Introduction
In many situations, we want to learn about a large and limitless group of things, like all the electrical lamps made by a company or all the people in a town. However, factors such as time, cost, and the sheer size of the group make it very hard to check every single item or person. Instead, we can look at a smaller,
representative sample of the group and make guesses about the whole based on what we find in the sample.
To understand this better, let's look at two examples: Example 1: Mr. Basu and the Electrical Lamps
- Mr. Basu wants to order a large number of electrical lamps from Mr. Ahuja's company, "General Electricals." However, before placing the order, Mr. Basu needs to verify if Mr. Ahuja's claim that the lamps last for at least 1500 hours is true.
Example 2: Miss Manju Bedi and the Disease in Town
- Miss Manju Bedi, a social activist, has observed a rising incidence of a particular disease in her town. She believes that twenty percent of the people in her town are suffering from this disease.
Both of these situations present three common challenges:
1. Drawing a Representative Sample:
- In the first case, Mr. Basu needs to figure out how to select a group of lamps that accurately represents all the lamps produced by General Electricals.
- In the second case, Miss Bedi must determine how to choose a sample of people from her town that reflects the entire population.
2. Estimating Population Parameters:
- Mr. Basu wants to estimate the average lifespan of all the lamps based on the sample he tests.
- Miss Bedi aims to estimate the proportion of people suffering from the disease based on her sample.
3. Decision Making and Testing Claims:
- Mr. Basu needs to decide whether Mr. Ahuja's claim about the lamps is valid based on the sample results.
- Miss Bedi must determine if her claim about the disease prevalence is justified so that appropriate actions can be taken to address the health issue.
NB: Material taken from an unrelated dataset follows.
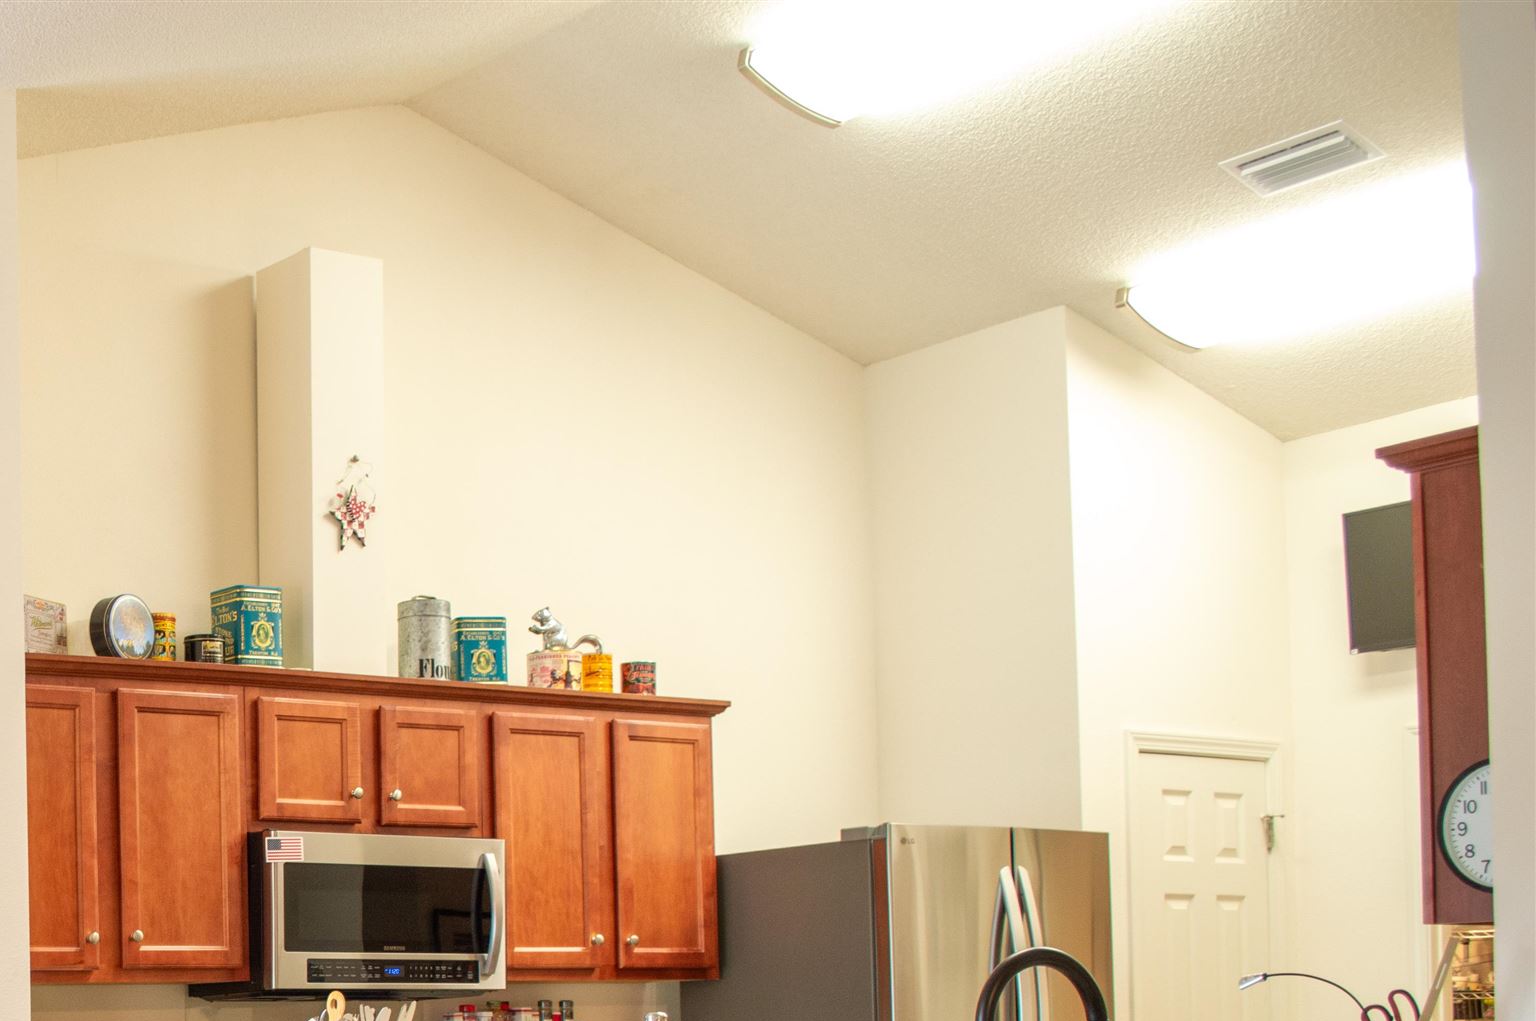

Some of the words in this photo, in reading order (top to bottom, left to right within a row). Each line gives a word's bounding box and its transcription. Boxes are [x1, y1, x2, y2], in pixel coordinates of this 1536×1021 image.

To make these decisions, we use something called "tests of significance" or "tests of hypothesis." These are tools that help us figure out if the evidence from the samples is strong enough to support the claims being made by Mr. Ahuja and Miss Bedi.
Basic Principles of Sample Survey
A sample survey is a method for studying an unknown population by using a representative sample taken from it. This raises the question: how can a small part of a larger group show the traits of the whole group? The answer lies in the basic principles of sample surveys, which include the following components:
- Law of Statistical Regularity
- Principle of Inertia
- Principle of Optimization
- Principle of Validity
Law of Statistical Regularity:
- The law of statistical regularity states that if you randomly select a sample of a reasonable size from a population, the sample will, on average, share the characteristics of that population. Therefore, the sample should be moderately large. In fact, a larger sample size helps to better represent the population. The accuracy of a statistic in estimating a population's traits improves with the square root of the sample size. However, increasing the sample size isn't always feasible due to constraints like cost, time, and efficiency. Thus, we often find a balance between sample size and these factors.
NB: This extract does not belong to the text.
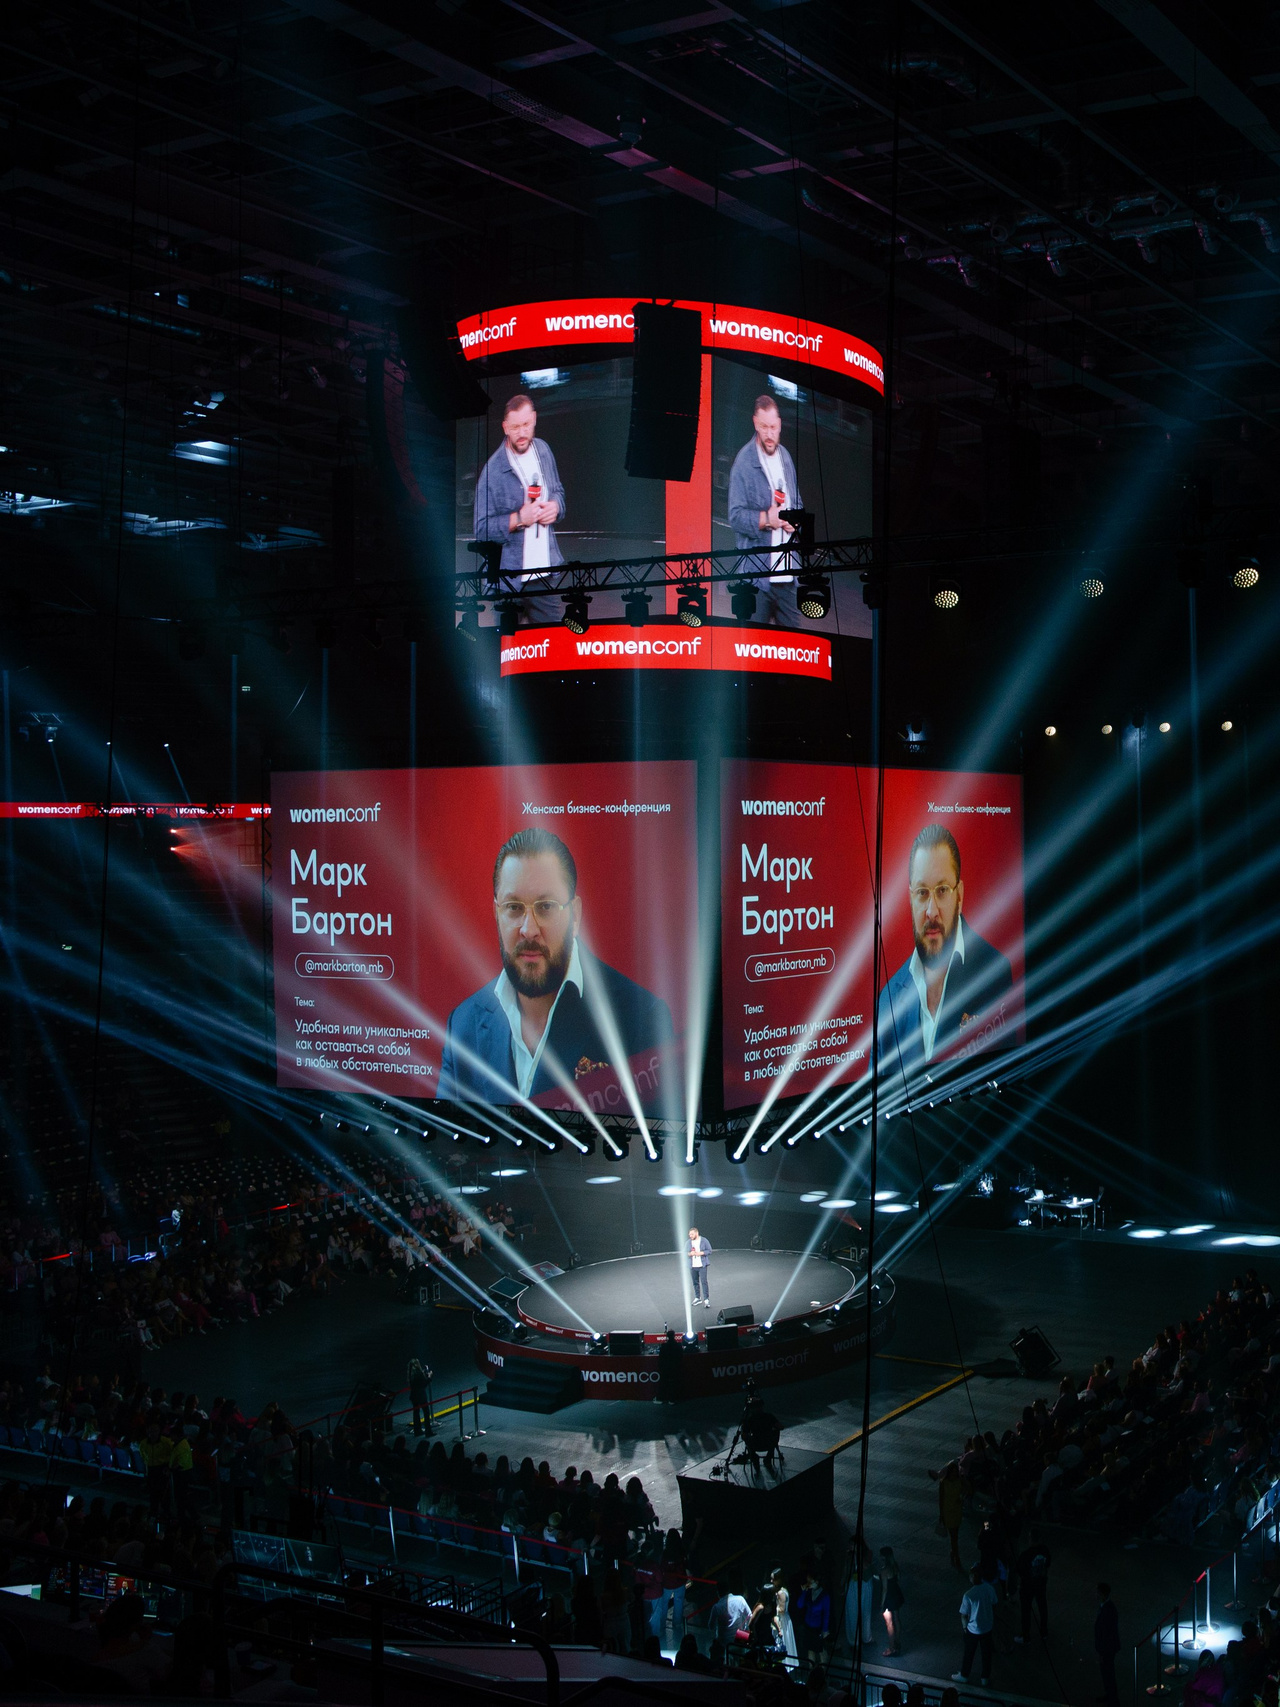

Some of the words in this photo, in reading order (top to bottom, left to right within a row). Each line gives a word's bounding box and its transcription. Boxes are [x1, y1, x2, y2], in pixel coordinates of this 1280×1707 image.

- Additionally, it's crucial that the sample is drawn randomly from the population. This means every individual in the population should have a known chance of being included in the sample.
Principle of Inertia:
- The principle of inertia states that as the sample size increases, the results obtained from the sample become more reliable, accurate, and precise, assuming other conditions remain the same. This principle directly follows from the law of statistical regularity.
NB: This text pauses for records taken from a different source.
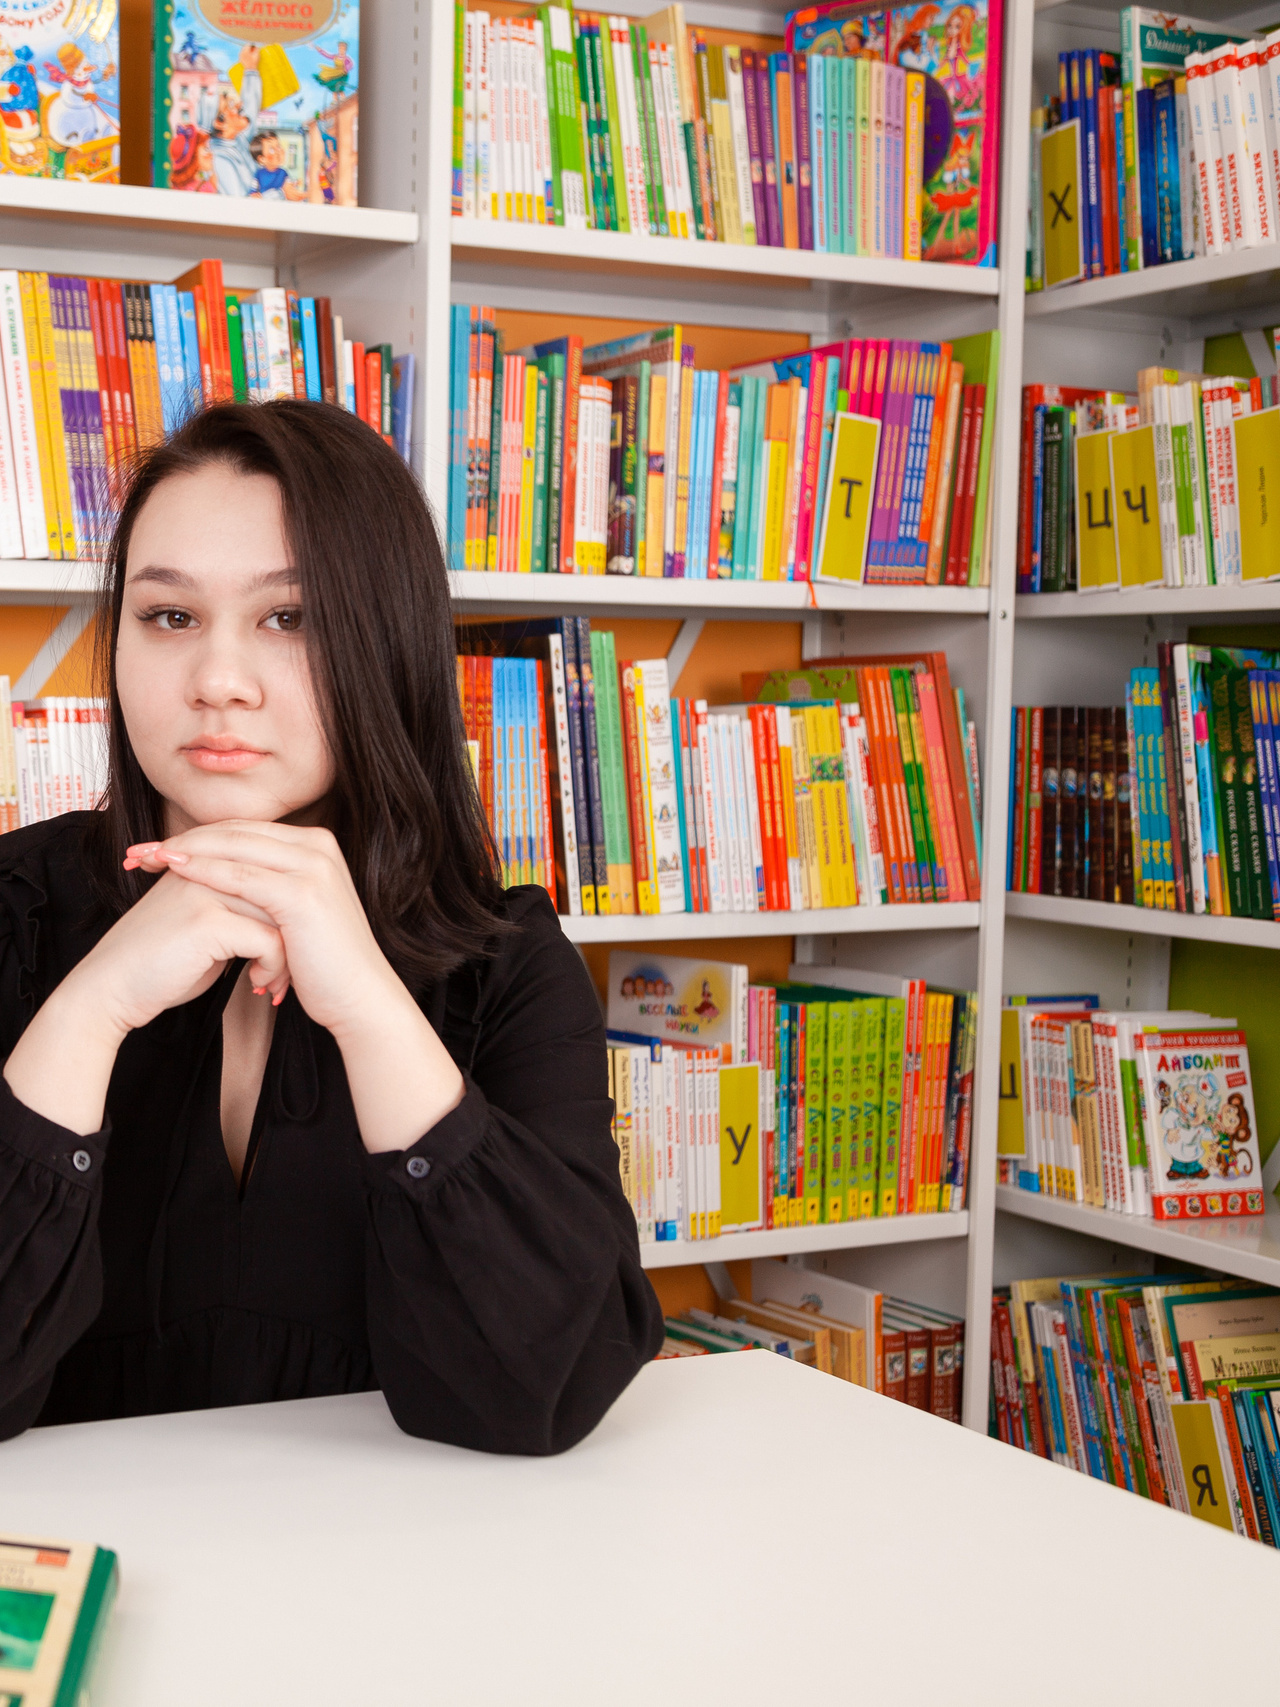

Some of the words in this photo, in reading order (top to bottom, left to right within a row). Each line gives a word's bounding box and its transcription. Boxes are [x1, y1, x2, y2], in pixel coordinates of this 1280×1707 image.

[1049, 183, 1072, 230] Х
[839, 476, 863, 519] Т
[1085, 486, 1112, 529] Ц
[1123, 484, 1150, 524] Ч
[1156, 1053, 1241, 1073] АЙБОЛИТ
[621, 1136, 630, 1175] ДЕТЯМ
[726, 1123, 752, 1166] У
[1192, 1464, 1219, 1507] Я
Principle of Optimization:
- The principle of optimization focuses on achieving the best level of efficiency at the lowest cost or the highest efficiency for a specific cost. This can be accomplished by choosing the right sampling design.
Principle of Validity:
- The principle of validity indicates that a sampling design is valid only if it can produce accurate estimates and tests regarding the population characteristics. Probability sampling is essential to ensure this validity.
Question for Chapter Notes: Sampling
Try yourself:
What does the law of statistical regularity state in the context of sample surveys?Explanation
- The law of statistical regularity states that a reasonable sample size, on average, shares the characteristics of the population.
- Therefore, the sample should be moderately large to better represent the population.
- Increasing the sample size improves the accuracy of estimating population traits.
- It is essential to randomly select individuals from the population to ensure a representative sample.
Report a problem
Comparison Between Sample Survey and Complete Enumeration
- Complete Enumeration: Collecting information for all units in a population is known as a census.
- Preference for Sample Surveys: Sample surveys are often preferred over complete enumeration due to several factors:
- Speed: Sample surveys are quicker since only a portion of the population is surveyed.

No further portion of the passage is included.